[Aim of the task]: Please copy the lines below, exactly as they are, from the one with "this 1000×1000 image." through the one with "Some of the words", and leave out the pictures.

[Data excerpts]:
-=-=-
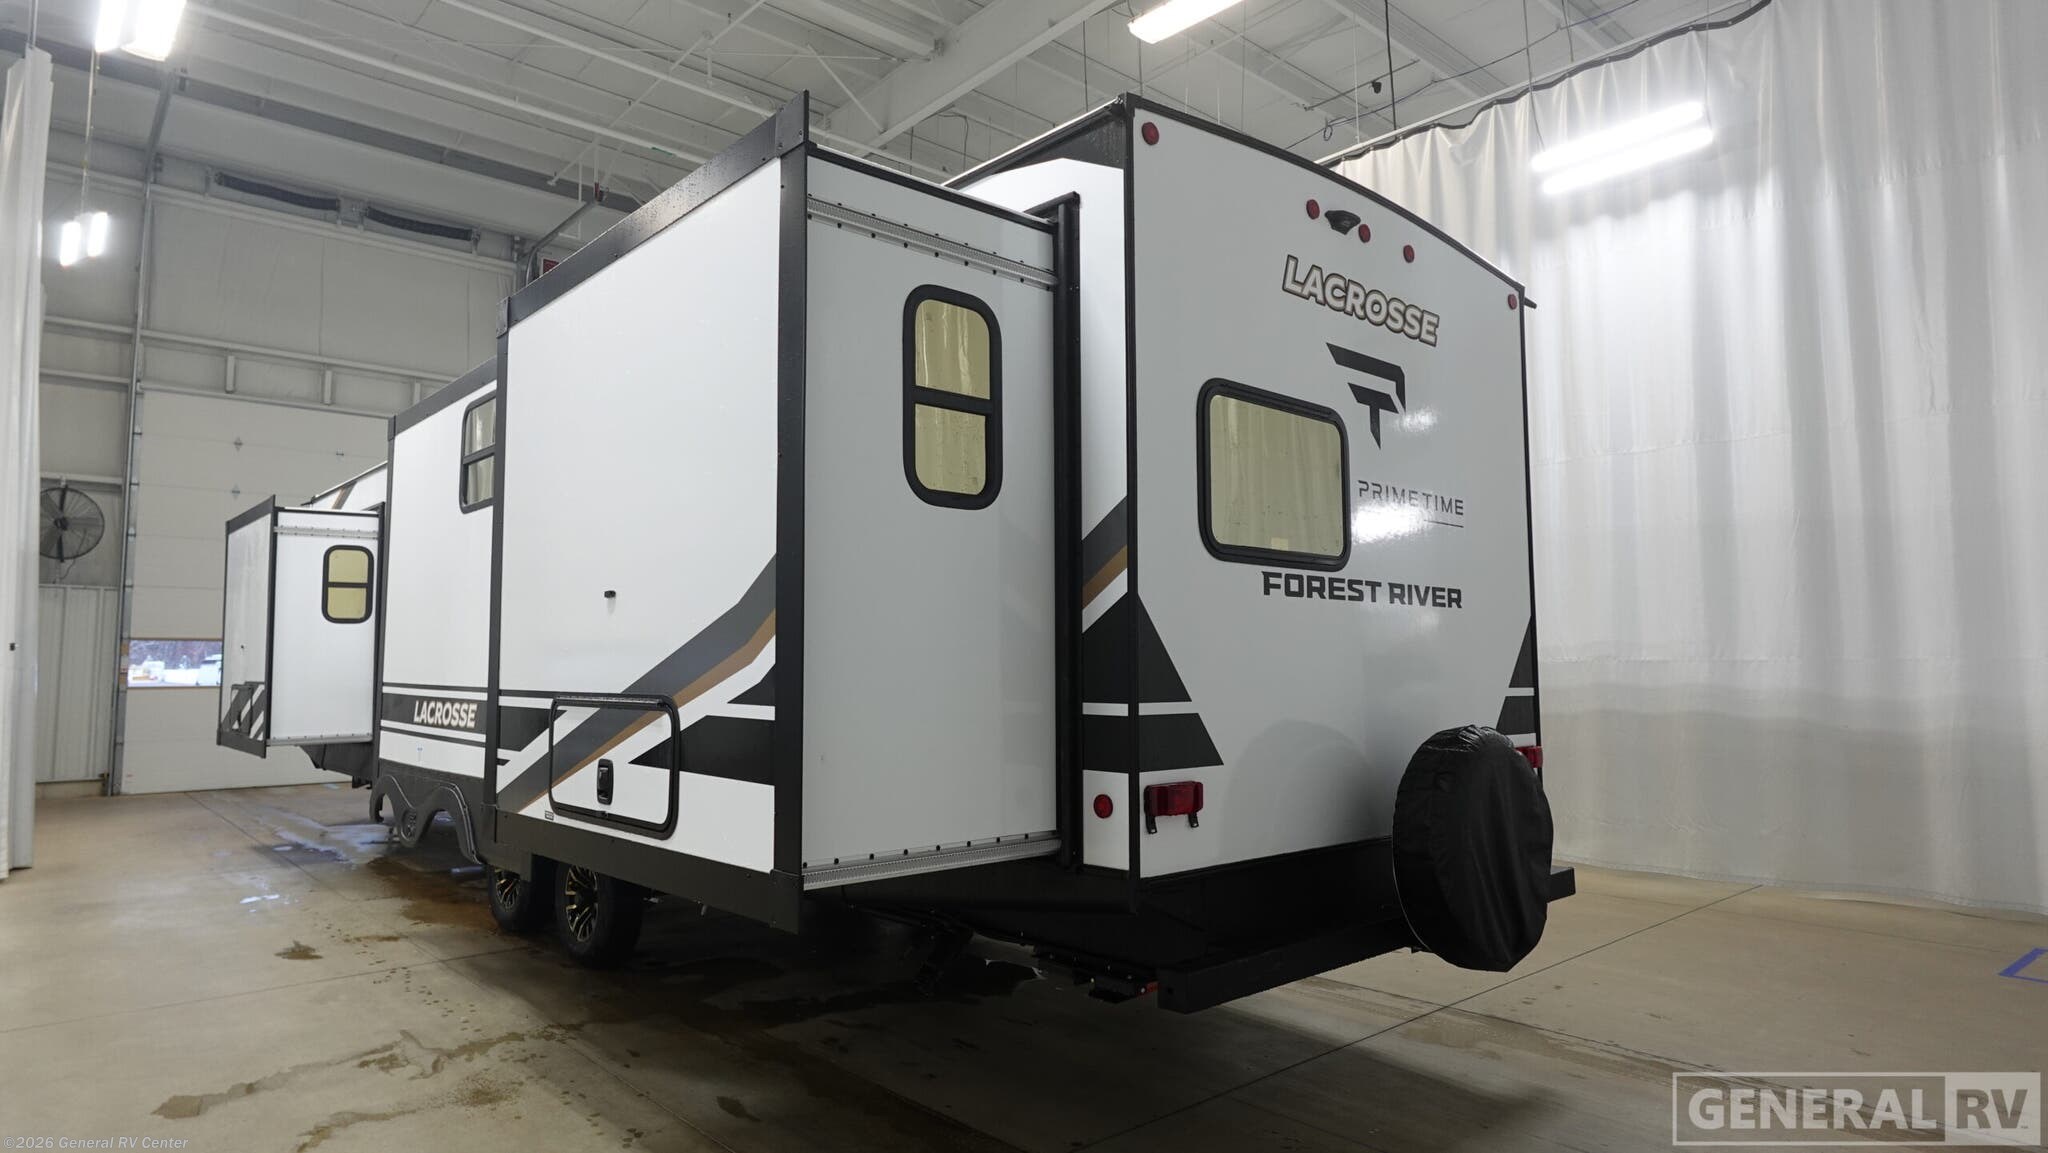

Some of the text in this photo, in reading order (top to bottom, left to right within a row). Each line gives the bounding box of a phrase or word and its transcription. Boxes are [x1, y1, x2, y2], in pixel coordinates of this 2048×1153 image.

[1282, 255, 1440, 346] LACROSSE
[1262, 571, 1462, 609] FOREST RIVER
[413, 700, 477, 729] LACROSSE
-=-=-
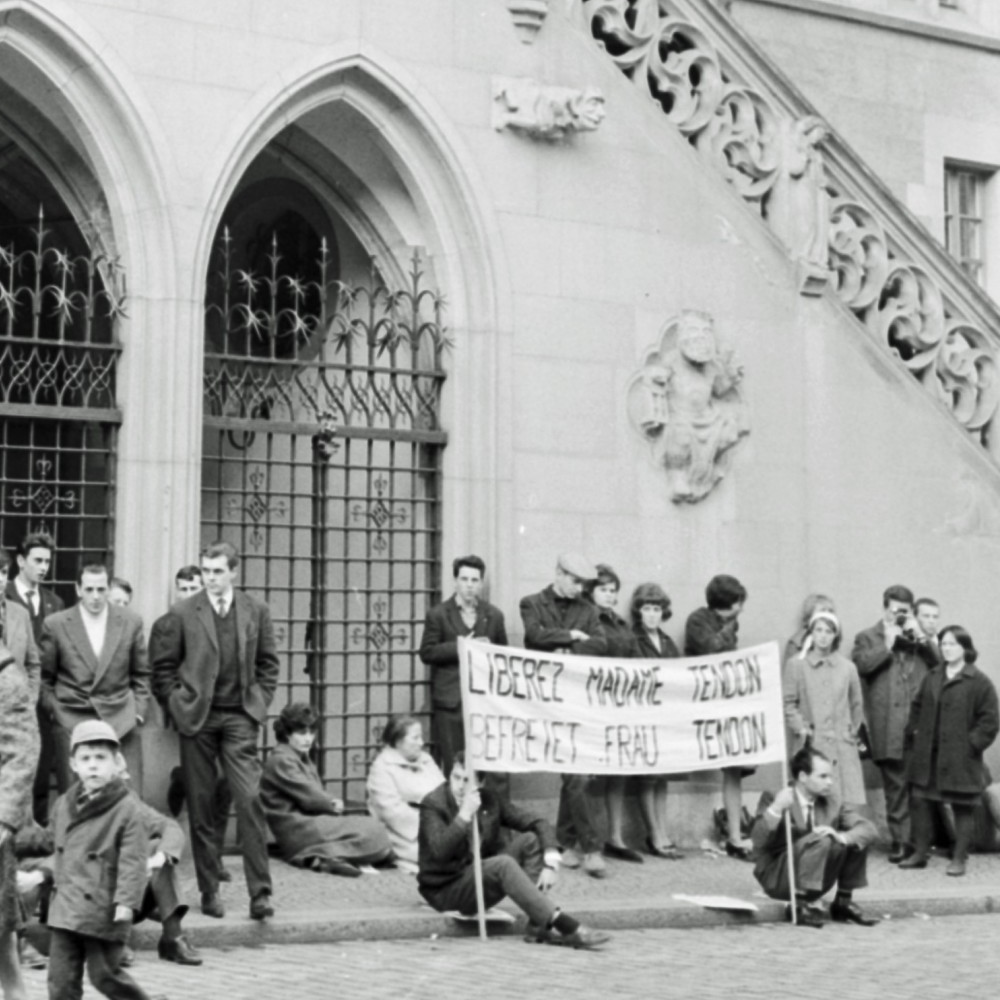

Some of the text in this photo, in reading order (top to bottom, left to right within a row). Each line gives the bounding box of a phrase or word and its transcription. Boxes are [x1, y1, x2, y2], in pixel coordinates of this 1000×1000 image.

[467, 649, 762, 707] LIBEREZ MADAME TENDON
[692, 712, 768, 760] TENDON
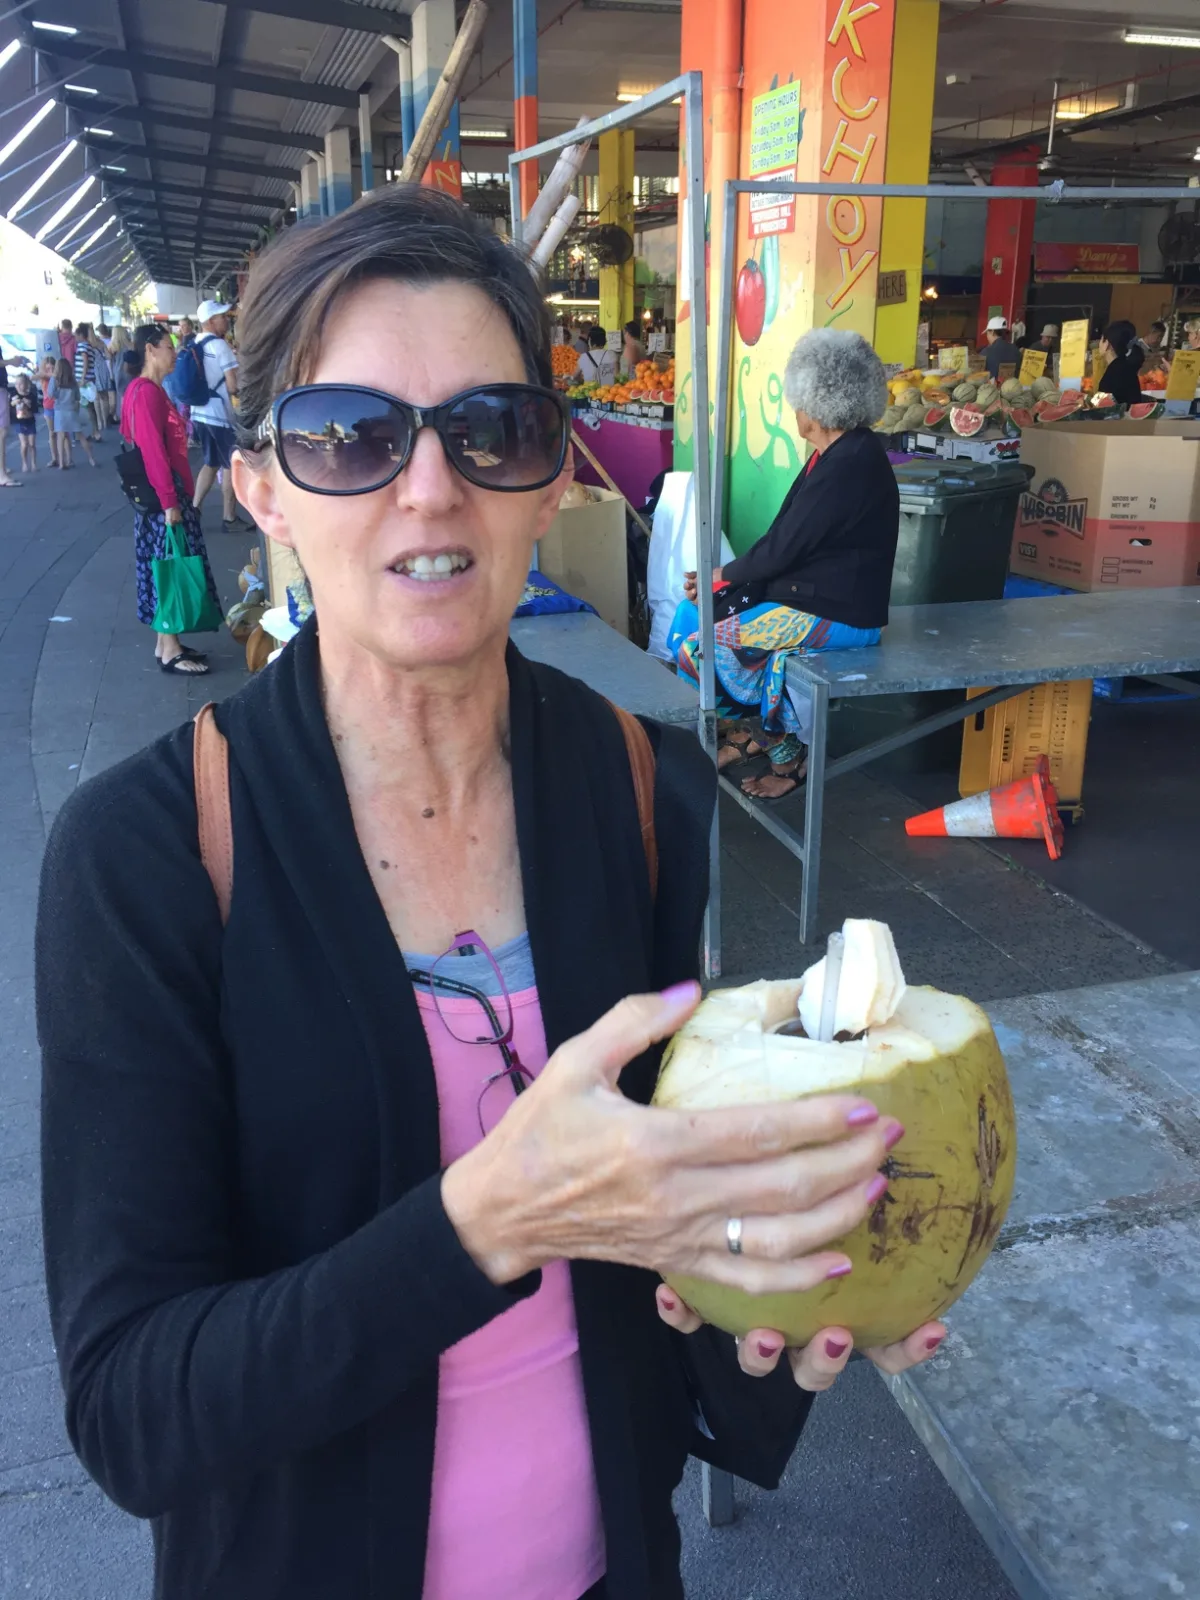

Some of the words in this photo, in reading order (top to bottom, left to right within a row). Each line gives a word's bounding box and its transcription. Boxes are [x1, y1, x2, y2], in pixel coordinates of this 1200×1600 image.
-=-=-
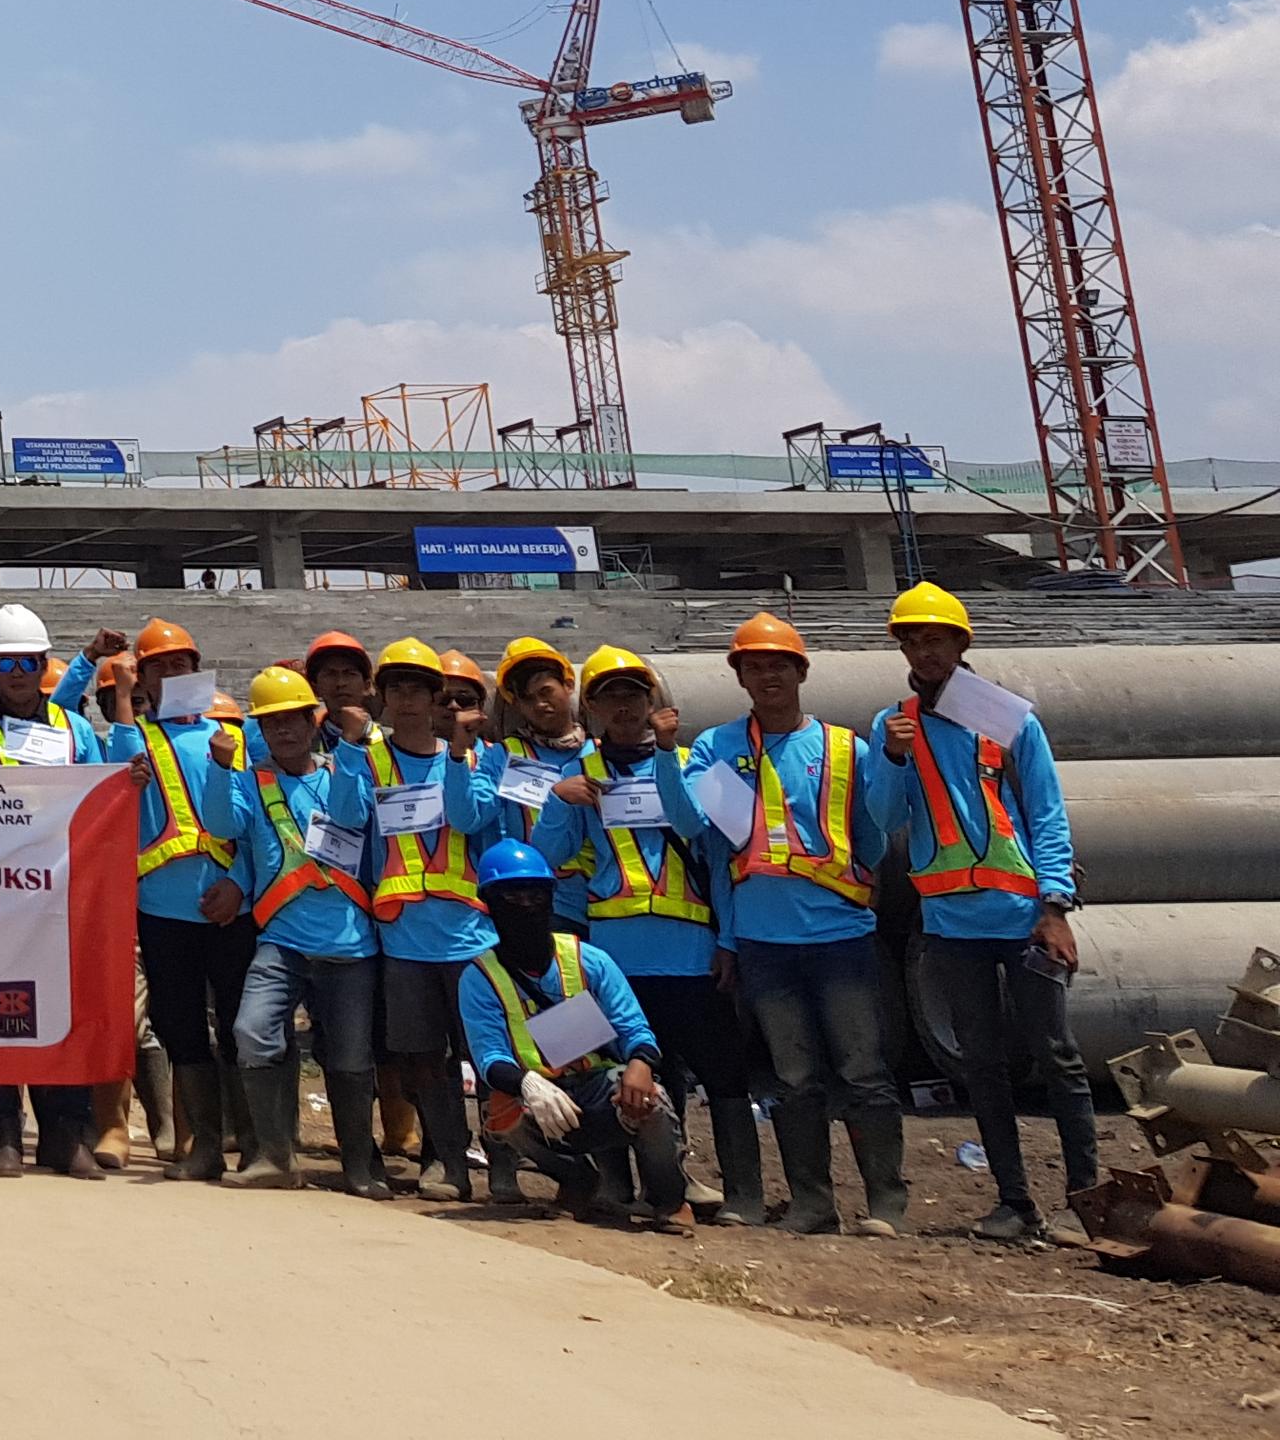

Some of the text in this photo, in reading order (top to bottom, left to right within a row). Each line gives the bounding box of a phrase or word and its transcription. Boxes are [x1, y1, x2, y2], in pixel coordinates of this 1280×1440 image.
-=-=-
[Answer to the problem]:
Some of the text in this photo, in reading order (top to bottom, left to right within a row). Each line gives the bounding box of a phrase or word and its transcription. Boxes are [x1, y1, x2, y2], in pixel coordinates of this 1000×1000 image.

[467, 649, 762, 707] LIBEREZ MADAME TENDON
[692, 712, 768, 760] TENDON

Some of the words in this photo, in reading order (top to bottom, left to right within a row). Each line gives a word's bounding box and its transcription. Boxes are [x1, y1, x2, y2], in pixel coordinates of this 1200×1600 image.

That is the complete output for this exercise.